[Records from a dataset]
- Opening Delimiter -
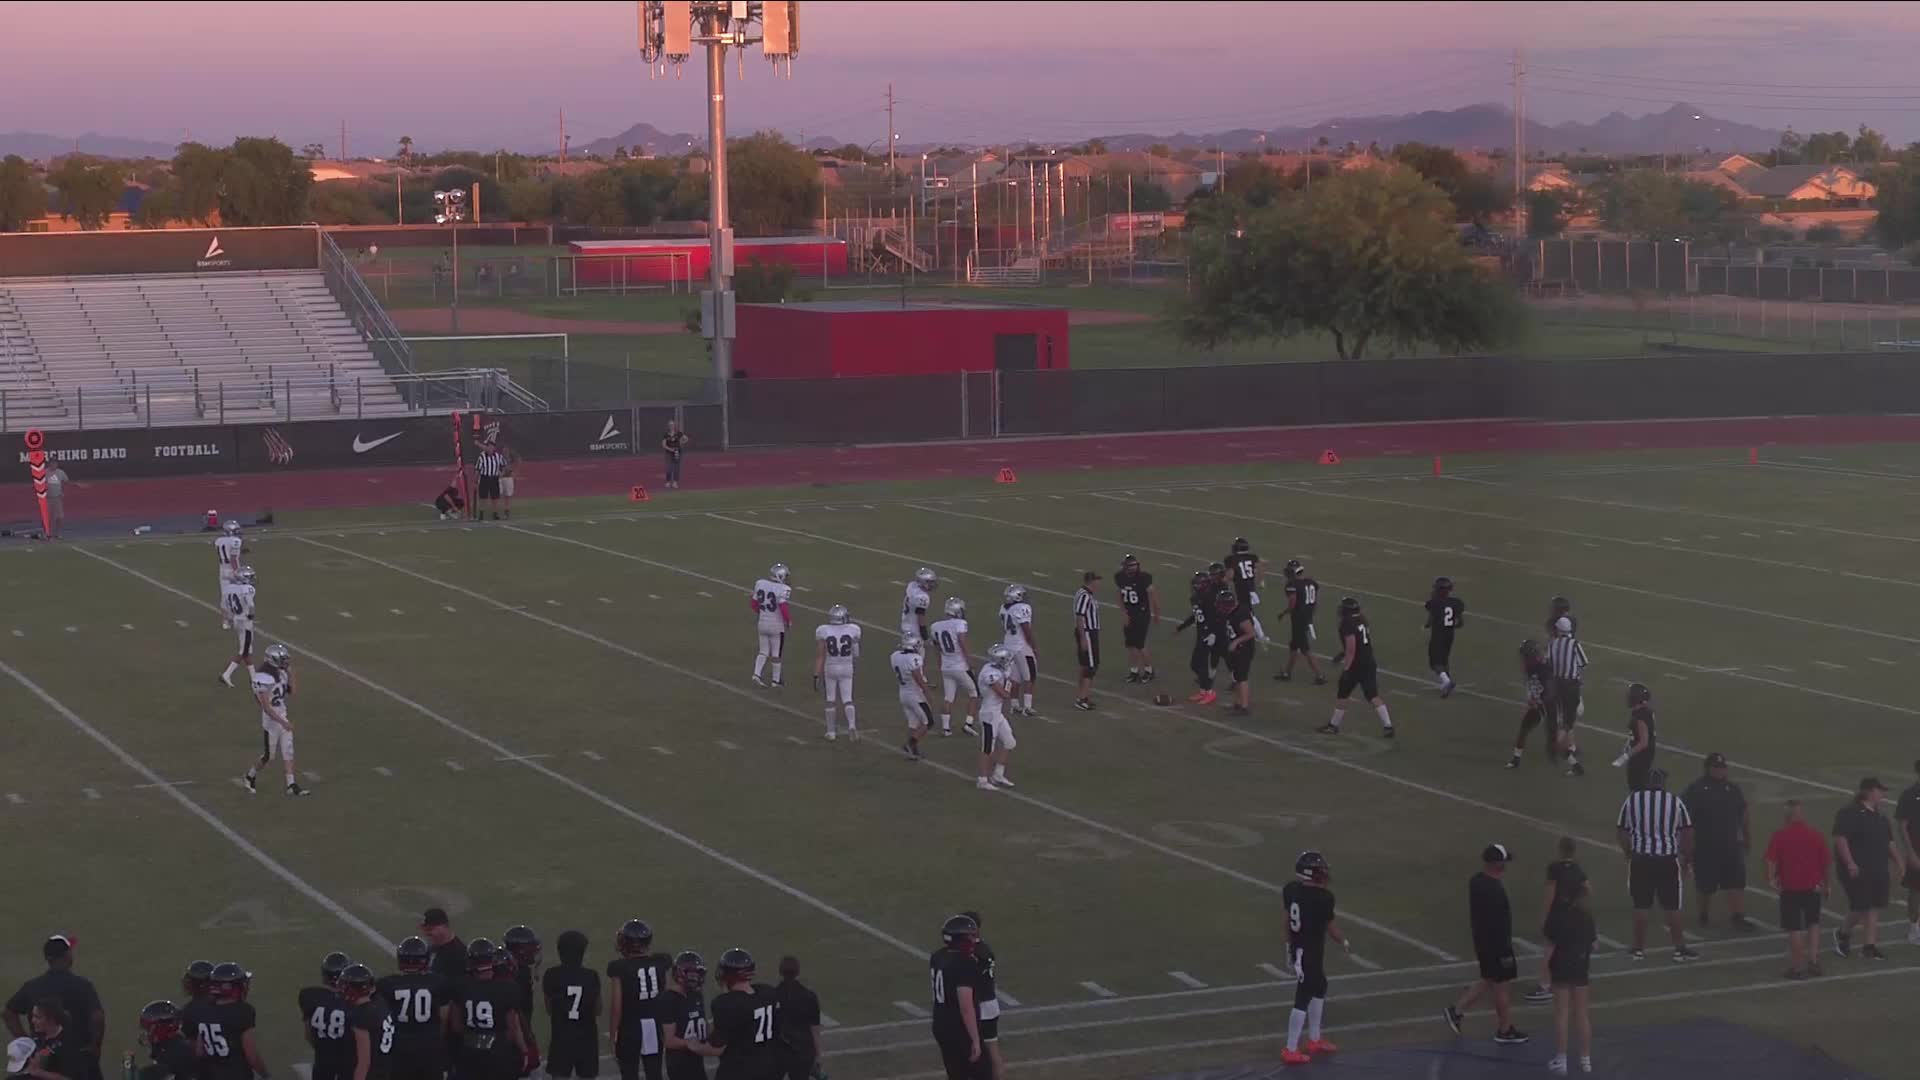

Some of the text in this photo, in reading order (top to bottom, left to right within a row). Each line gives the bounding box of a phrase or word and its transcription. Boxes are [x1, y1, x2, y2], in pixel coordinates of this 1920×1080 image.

[19, 446, 127, 464] MRCHING BAND
[154, 444, 220, 458] FOOTBALL
[635, 487, 646, 499] 20
[1238, 560, 1255, 580] 15
[227, 593, 243, 616] 13
[756, 589, 778, 613] 23
[1120, 588, 1139, 604] 76
[1304, 584, 1316, 605] 10
[1444, 606, 1454, 627] 2
[826, 634, 852, 657] 82
[934, 629, 956, 654] 10
[1281, 901, 1288, 933] 9
[637, 966, 660, 1000] 11
[394, 988, 432, 1023] 70
[465, 999, 495, 1029] 19
[566, 985, 583, 1020] 7
[310, 1006, 346, 1040] 48
[684, 1016, 708, 1042] 40
[754, 1004, 773, 1044] 71
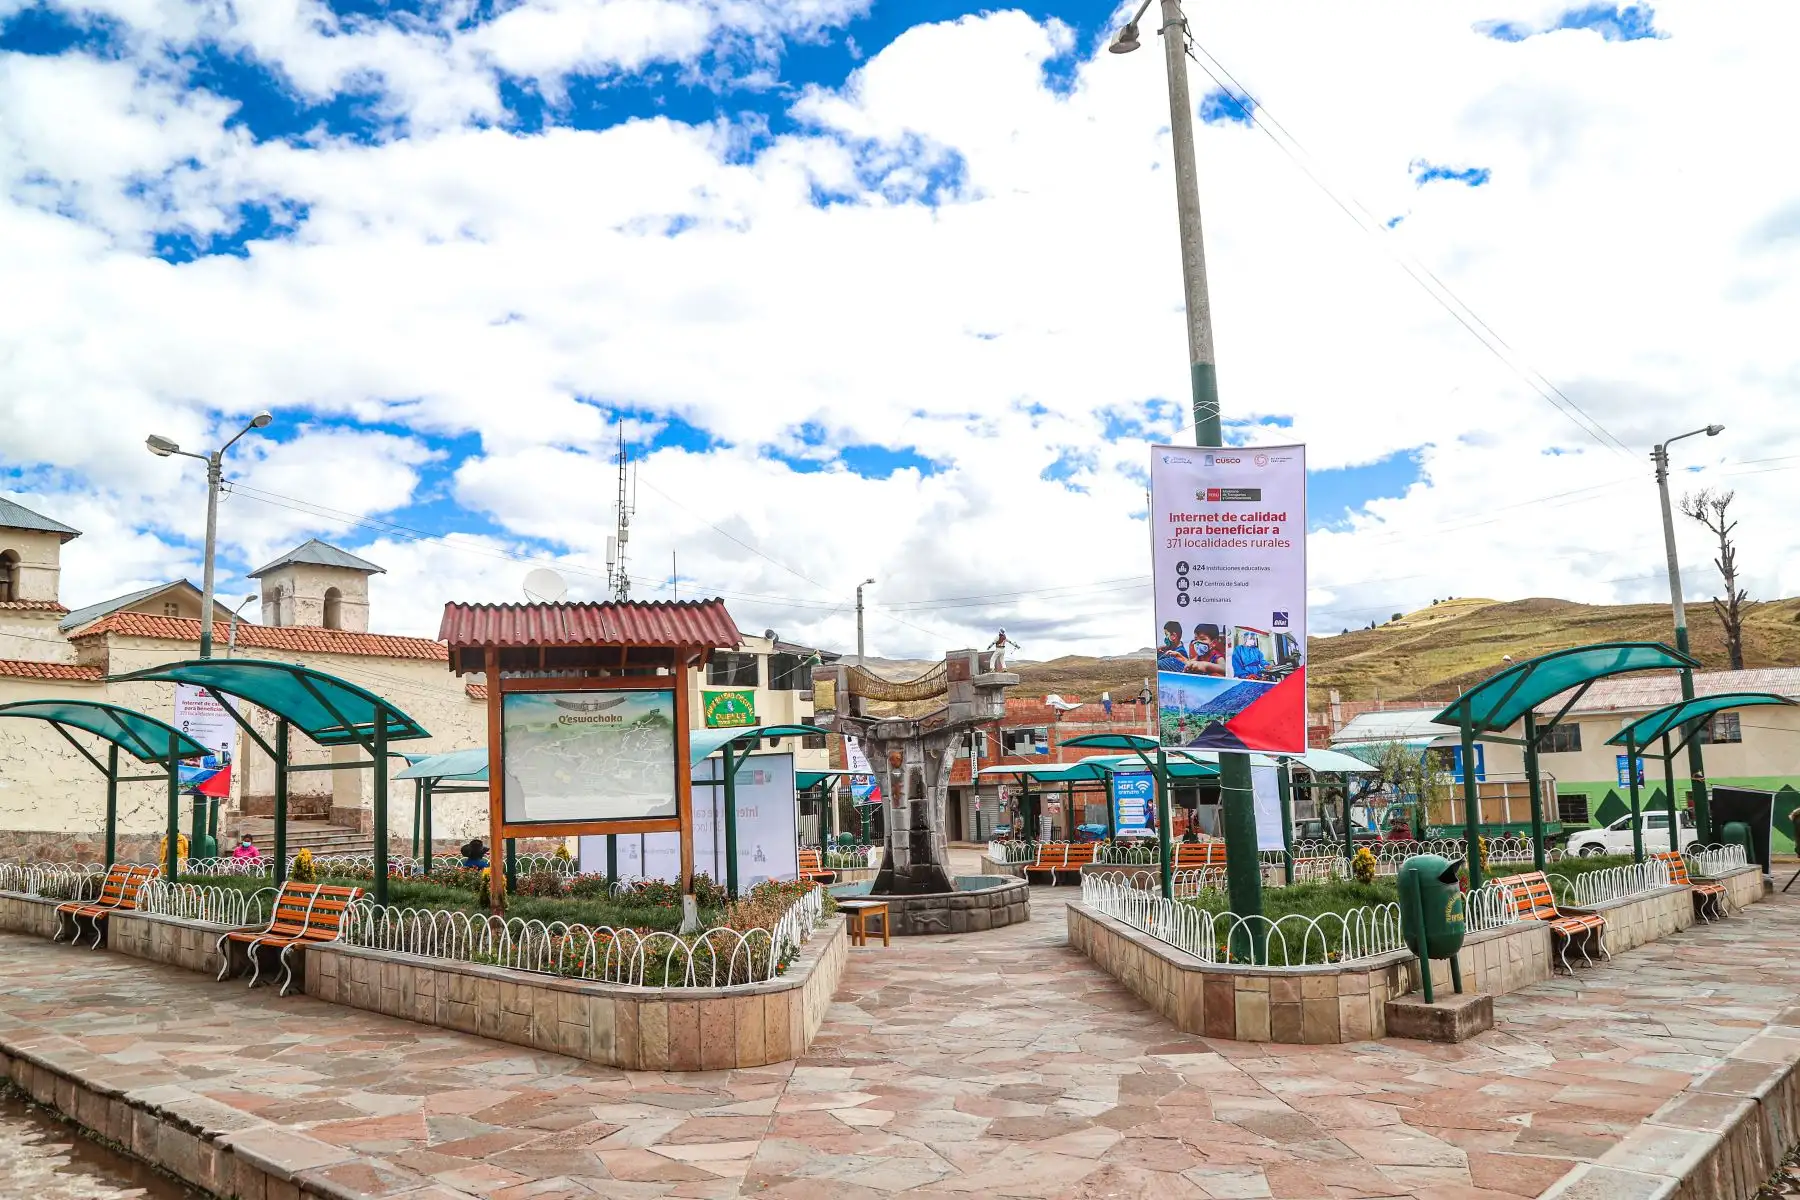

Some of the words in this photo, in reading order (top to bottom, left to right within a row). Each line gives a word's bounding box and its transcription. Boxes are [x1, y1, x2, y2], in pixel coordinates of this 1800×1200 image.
- Closing Delimiter -
> _Exercise details_
Write out each entry exactly; any pictures stay out of the copy.

> _Response to the exercise_
Some of the text in this photo, in reading order (top to bottom, left to right within a row). Each line gives the bounding box of a phrase or word and its transcription. Boxes are [x1, y1, x2, y2], in pixel coordinates of this 1920×1080 image.

[19, 446, 127, 464] MRCHING BAND
[154, 444, 220, 458] FOOTBALL
[635, 487, 646, 499] 20
[1238, 560, 1255, 580] 15
[227, 593, 243, 616] 13
[756, 589, 778, 613] 23
[1120, 588, 1139, 604] 76
[1304, 584, 1316, 605] 10
[1444, 606, 1454, 627] 2
[826, 634, 852, 657] 82
[934, 629, 956, 654] 10
[1281, 901, 1288, 933] 9
[637, 966, 660, 1000] 11
[394, 988, 432, 1023] 70
[465, 999, 495, 1029] 19
[566, 985, 583, 1020] 7
[310, 1006, 346, 1040] 48
[684, 1016, 708, 1042] 40
[754, 1004, 773, 1044] 71

Some of the words in this photo, in reading order (top to bottom, left to right within a row). Each line gives a word's bounding box and its transcription. Boxes are [x1, y1, x2, y2], in pixel coordinates of this 1800×1200 image.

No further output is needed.